__Task details__. Please restate the entries below word for word, leaving out any pictures.

Stored data entries
■ ■ ■ ■ ■

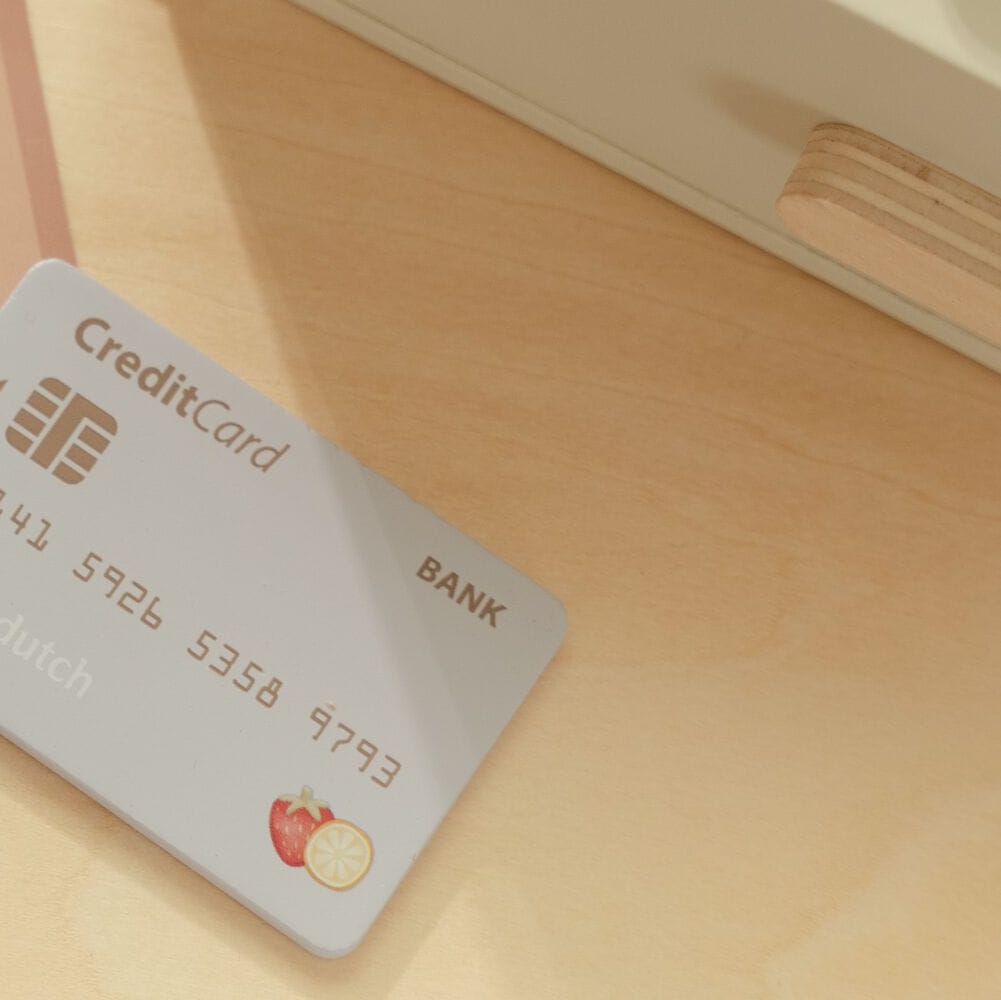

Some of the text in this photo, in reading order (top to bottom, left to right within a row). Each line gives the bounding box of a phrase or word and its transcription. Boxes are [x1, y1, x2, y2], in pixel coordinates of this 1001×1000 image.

[74, 317, 291, 473] CreditCard
[72, 552, 163, 630] 5926
[186, 629, 283, 708] 5358
[310, 707, 402, 788] 9793
[416, 555, 508, 629] BANK
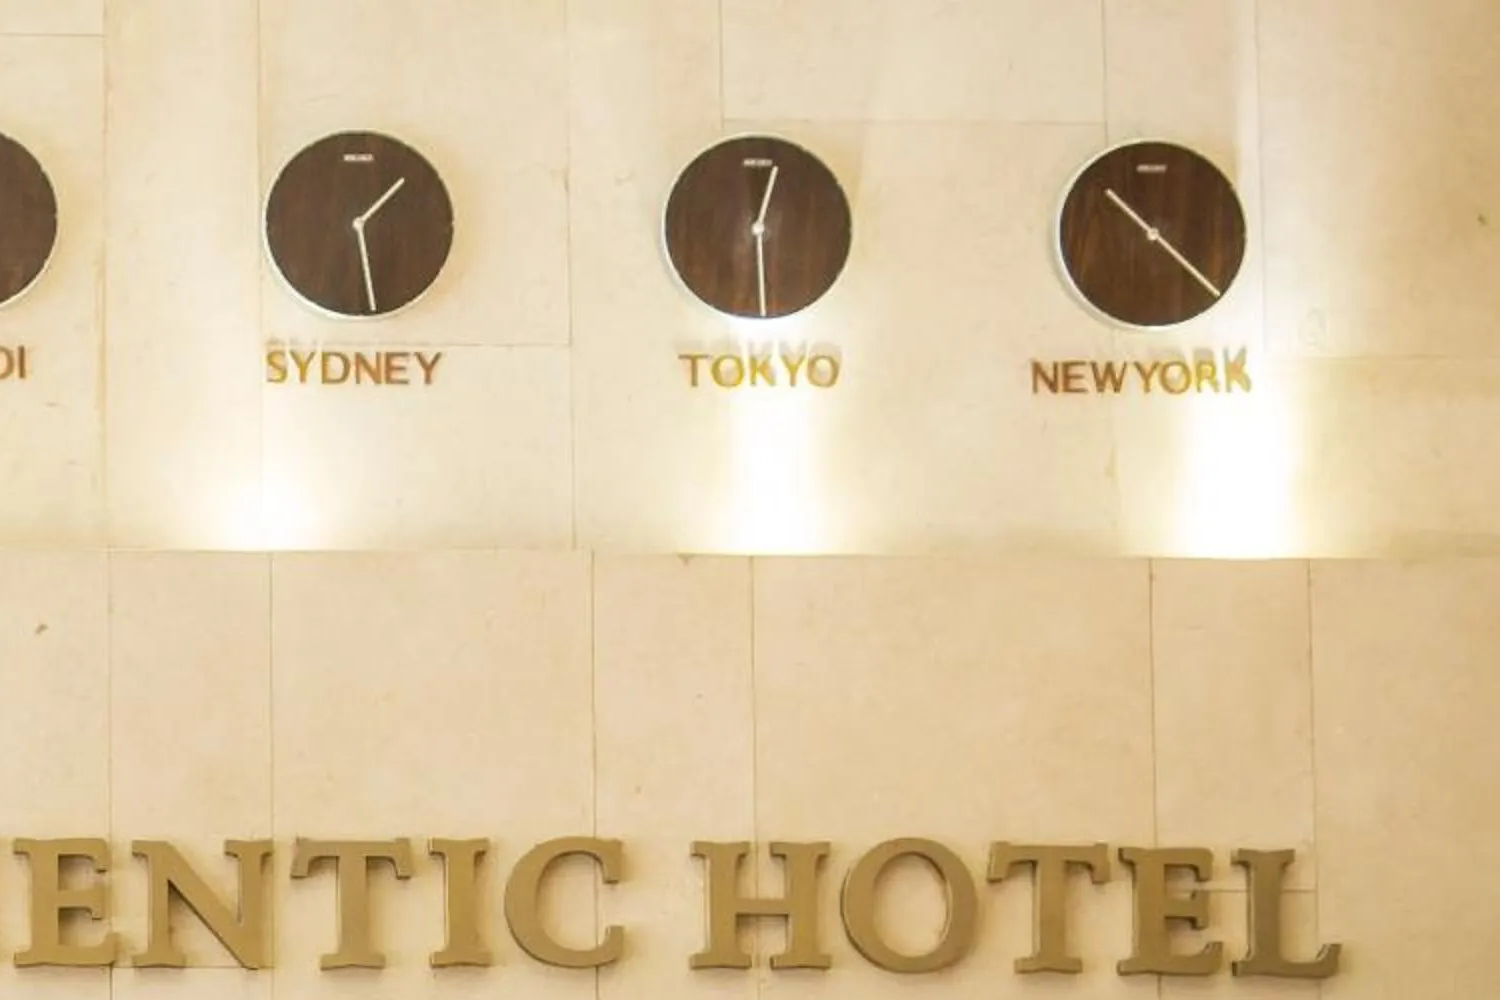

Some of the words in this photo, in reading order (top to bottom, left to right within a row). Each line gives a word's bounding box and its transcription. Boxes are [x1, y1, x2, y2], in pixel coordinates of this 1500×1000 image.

[266, 350, 443, 386] SYDNEY
[678, 352, 843, 389] TOKYO
[689, 836, 1342, 978] HOTEL
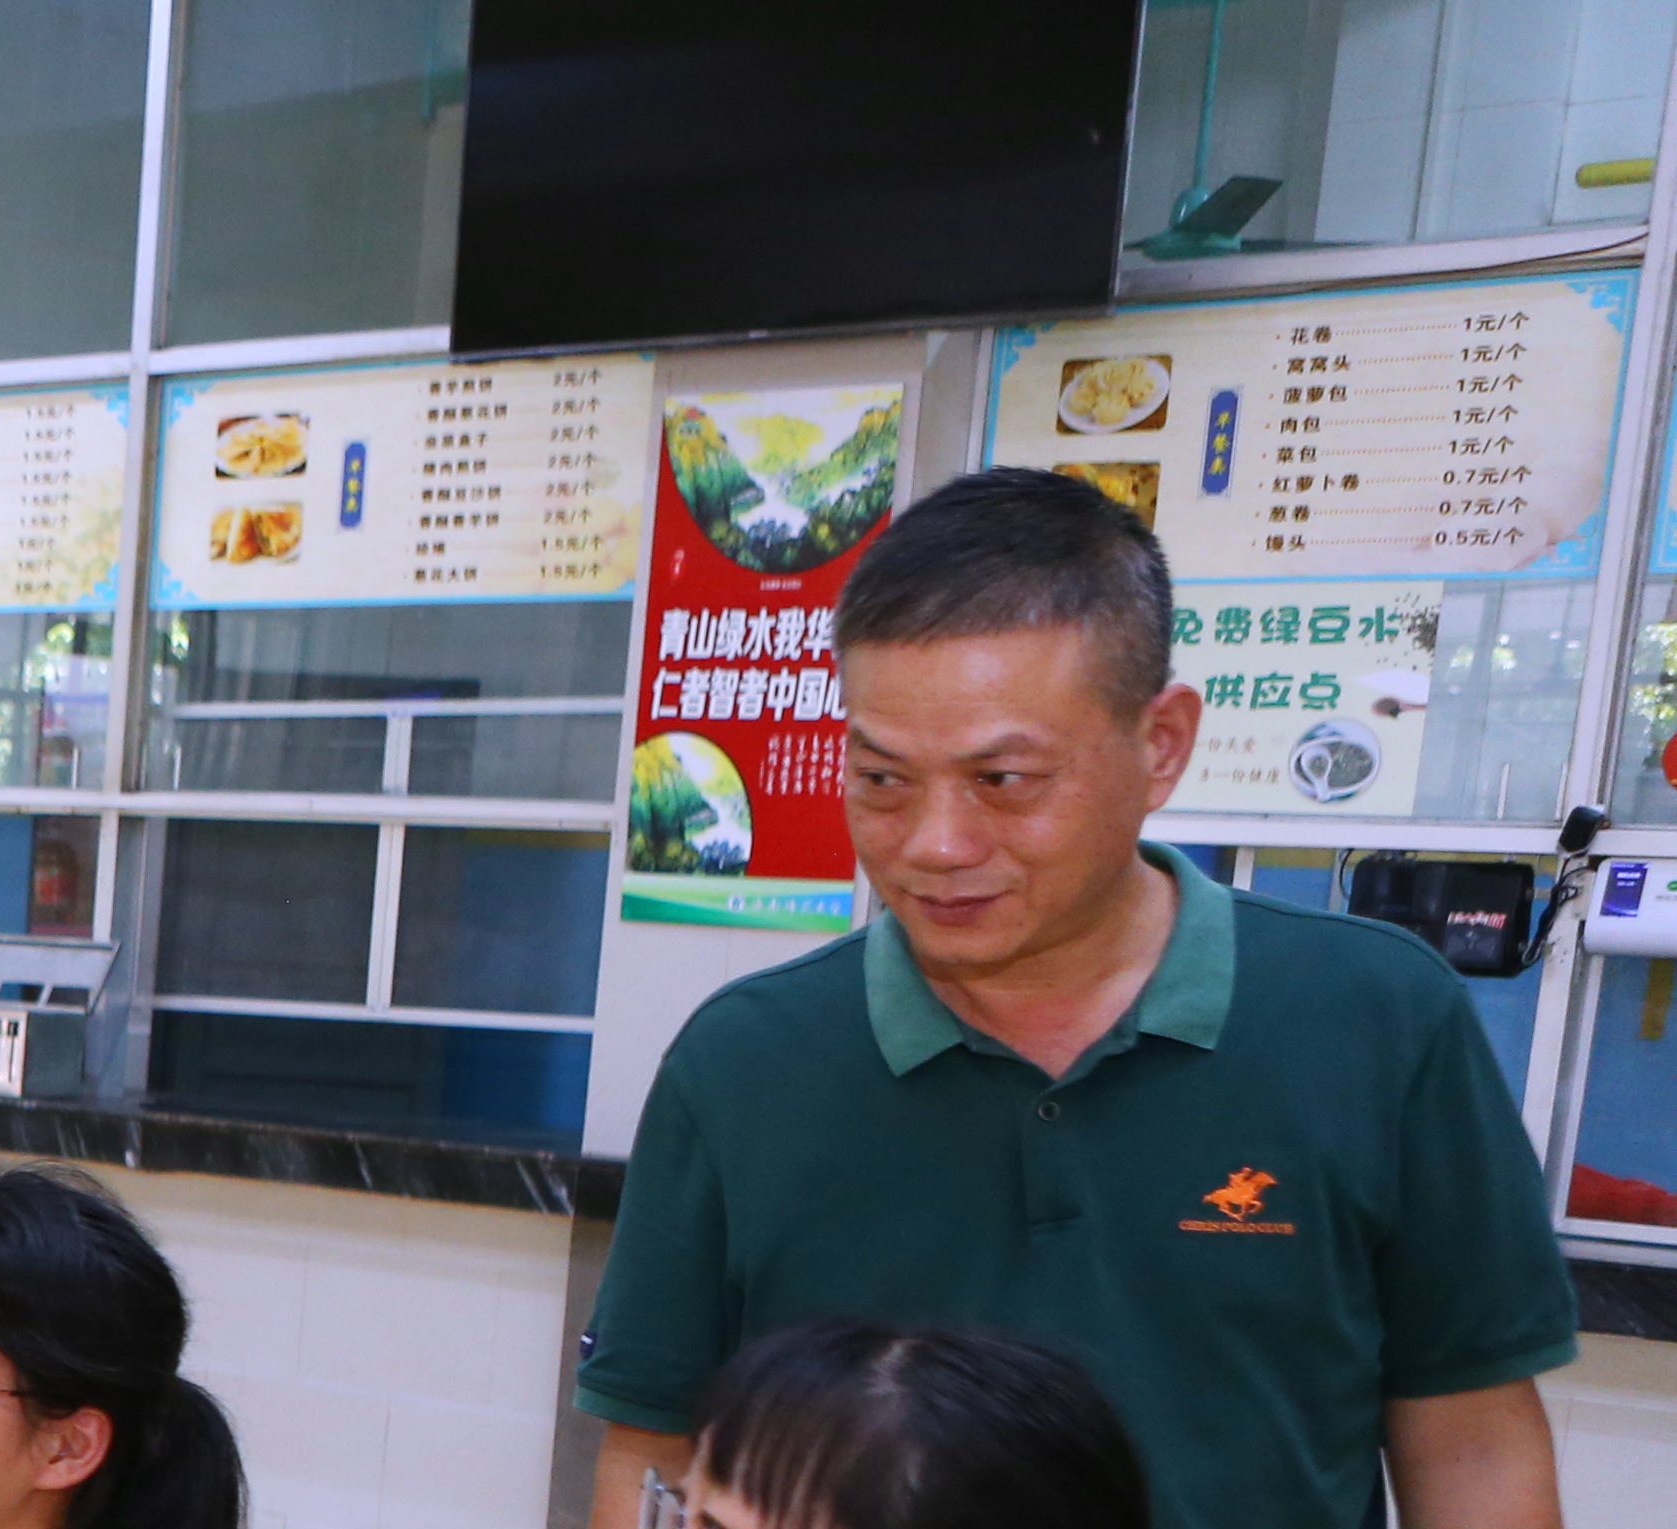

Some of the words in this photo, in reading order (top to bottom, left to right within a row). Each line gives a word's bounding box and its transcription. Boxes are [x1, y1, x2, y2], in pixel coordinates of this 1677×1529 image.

■ ■ ■ ■ ■

__Response for this exercise__.
Some of the text in this photo, in reading order (top to bottom, left to right within a row). Each line gives the bounding box of a phrase or word and its transcription. Boxes are [x1, y1, x2, y2], in pixel coordinates of this 1001×1000 image.

[74, 317, 291, 473] CreditCard
[72, 552, 163, 630] 5926
[186, 629, 283, 708] 5358
[310, 707, 402, 788] 9793
[416, 555, 508, 629] BANK

Some of the words in this photo, in reading order (top to bottom, left to right within a row). Each line gives a word's bounding box and its transcription. Boxes are [x1, y1, x2, y2], in pixel coordinates of this 1500×1000 image.

[266, 350, 443, 386] SYDNEY
[678, 352, 843, 389] TOKYO
[689, 836, 1342, 978] HOTEL

Some of the words in this photo, in reading order (top to bottom, left to right within a row). Each line gives a word's bounding box and its transcription. Boxes are [x1, y1, x2, y2], in pixel coordinates of this 1677×1529 image.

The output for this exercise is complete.